Later, the crowd barely cracked a smile as Hemingway mooned Franco’s generals in the middle of a pitched battle. And if there was giggling in some quarters when John Dos Passos (a peculiarly prissy John Lescault) erupted in a flurry of flamenco stomps upon learning that a friend had been killed, that surely wasn’t what the creators intended.

Then again, who knows? The author’s purpose in illuminating the two weeks these three writers spent at Madrid’s Hotel Florida helping Dutch filmmaker Joris Ivens (Paul Morella) make his documentary The Spanish Earth seems to be to show how journalistic idealism either flickers or grows willfully blind in the face of war.

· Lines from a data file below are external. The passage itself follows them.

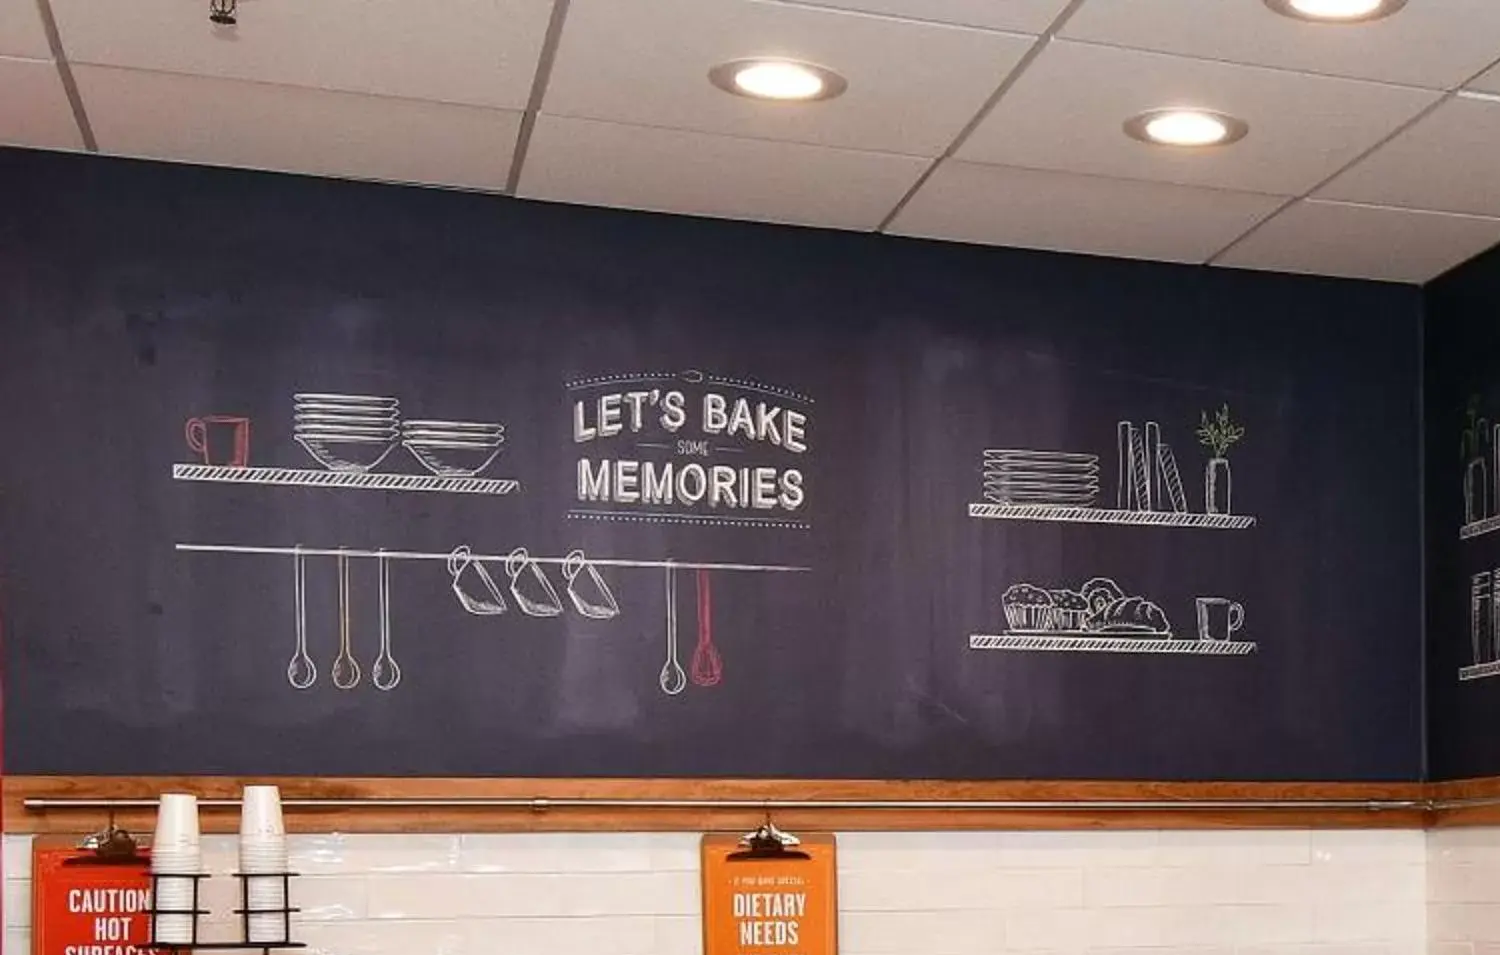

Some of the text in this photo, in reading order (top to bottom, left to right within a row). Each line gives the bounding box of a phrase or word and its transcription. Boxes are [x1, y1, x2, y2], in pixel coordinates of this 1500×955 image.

[574, 389, 807, 453] LET'S BAKE
[677, 439, 709, 457] SOME
[577, 458, 804, 511] MEMORIES
[69, 889, 151, 913] CAUTION
[733, 893, 806, 917] DIETARY
[95, 917, 132, 941] HOT
[740, 921, 799, 945] NEEDS

But the effect of the dialogue in Tom Prewitt’s uncharacteristically feckless staging is mostly to make Yourgrau’s central characters look like naifs.

Dos Passos—who went into political and career spirals following the war, ending up a right-wing ideologue with a tarnished literary reputation—comes off best in Shooting in Madrid. Speaking Spanish on occasion and behaving in a manner that suggests that truth and journalism have some connection in his mind, he at least calls a spade a pala. The others devolve into showboating poster kids for reportorial expediency, casually reworking reality to their own ends and becoming increasingly self-righteous as they do so.

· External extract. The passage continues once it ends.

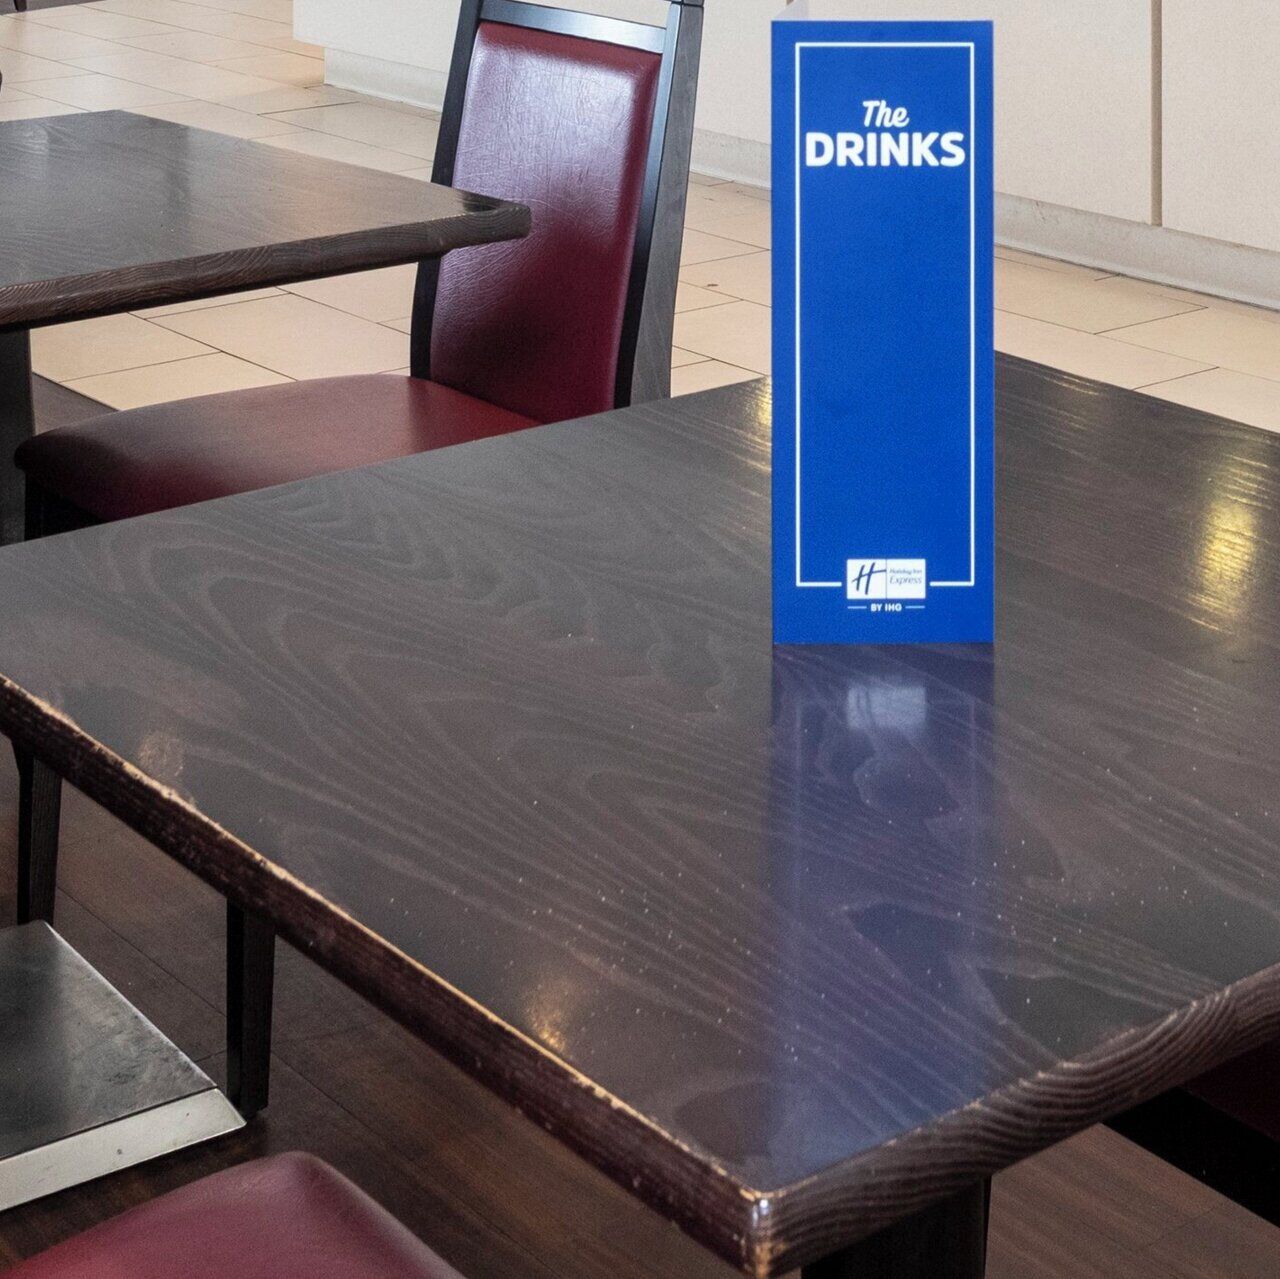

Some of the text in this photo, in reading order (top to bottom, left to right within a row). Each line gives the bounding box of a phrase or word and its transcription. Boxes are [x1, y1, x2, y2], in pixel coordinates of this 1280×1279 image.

[862, 100, 910, 128] The
[805, 131, 966, 168] DRINKS
[889, 575, 923, 586] Express
[870, 603, 882, 612] BY

This might seem more interesting if the director weren’t allowing his actors to bellow their way through much of the evening in a style best termed top-of-your-lungs naturalism. Lines like Ivens’ camera-proffering declaration, “I make film to fight a war….This is my weapon,” sound not one whit more persuasive at top volume than they would in a whisper. (Morella’s undependable Dutch accent doesn’t help, but I’m inclined to cut him some slack, since he’s also required to do his own whistling for bombs and bup-bup-bup-bupping for machine-gun fire. Seehorn’s screen-sirenish Martha is operating under no such handicaps, however, and her lines sound every bit as idiotic.)

The problem obviously has its roots in Yourgrau’s script, which, when it isn’t chummily calling its leading characters Hem, Dos, and Marty, is trafficking almost exclusively in inflated rhetoric. “What you will write about Madrid the world will never forget,” Ivens tells Hem at one point, less because el grande Ernesto needs to hear himself lauded than because the play’s audience most certainly has forgotten and needs reminding. Still, the production might have found ways to lend a certain distance to such pronouncements rather than laboring to make them credible.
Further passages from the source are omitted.